When I went to NU in the late 80's I made it a point not to take any classes taught by either one one these two self appointed " criminologists ". They both love to get their names in the news. So much so they they both had PR reps. FYI ... Fox's undergrad degree is in music and his master's is in math. The only thing my CJ degree from NU is good for is the Quinn Bill. I got more out of the master's program at WNEC then I did at five years at NU. As long as Fox runs the show at NU, they can forget about me giving them any money.


----------



## Killjoy (Jun 23, 2003)

How can someone claim to be a "criminologist" if they have never been a cop? That's like someone who's never handled a pan teaching a cooking class. It would be better if they were both hardened criminals, because at least then they could claim some actual experience with the criminal justice system.


----------



## Crvtte65 (May 19, 2002)

HousingCop said:


> *They both have all sorts of XY&Z's after their name and belong to NUPD's criminal justice program. *


WOAH woah woah woah settle down.

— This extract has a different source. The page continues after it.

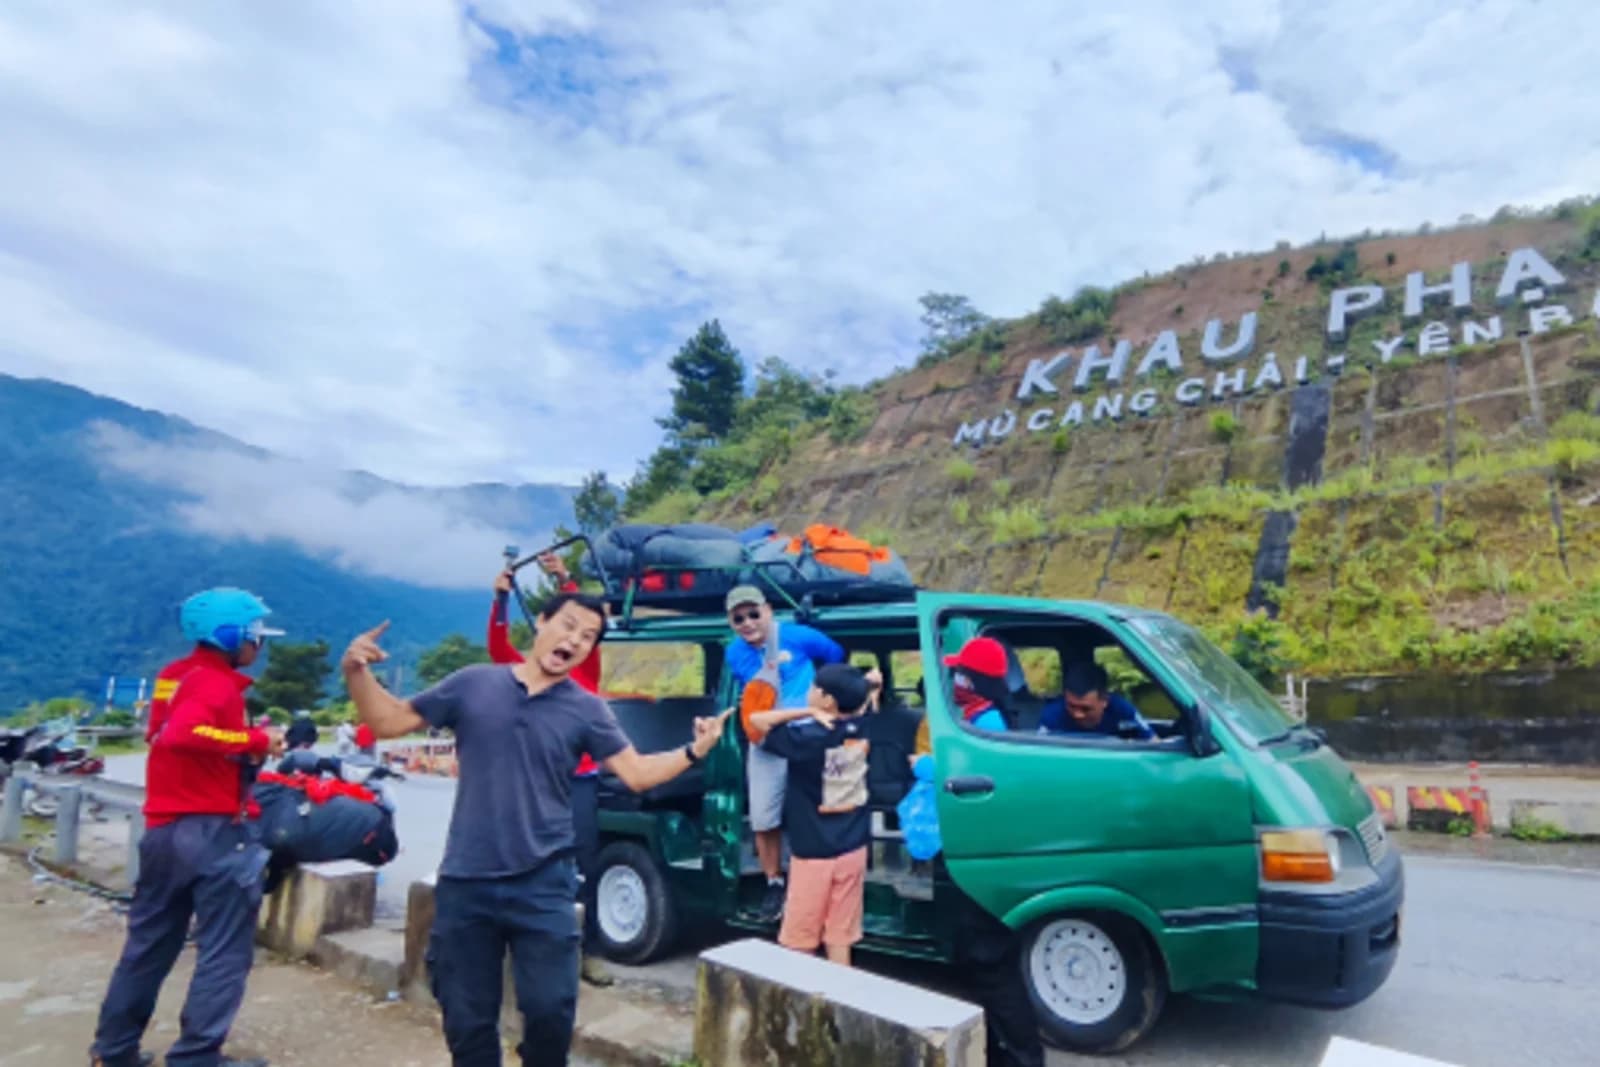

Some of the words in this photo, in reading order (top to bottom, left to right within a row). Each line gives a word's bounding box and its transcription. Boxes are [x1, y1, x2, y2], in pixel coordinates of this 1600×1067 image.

[1016, 311, 1258, 400] KHAU
[1326, 247, 1567, 333] PHẠ
[1027, 388, 1158, 431] CANG
[1371, 316, 1502, 363] YÊN

First, they aren't NUPD... they are Northeastern professors, no affiliation with the police department at NU.

Second, I had Fox for a teacher in a class. I found him to be intelligent with numbers as others have said but to be arrogant. Also, the FBI seems to trust his numbers well enough:

Bureau of Justice Statistics: Homicide Trends in the US

Also, Fox is not the Dean of the College anymore. Hasn't been for at least 6-8 years now


----------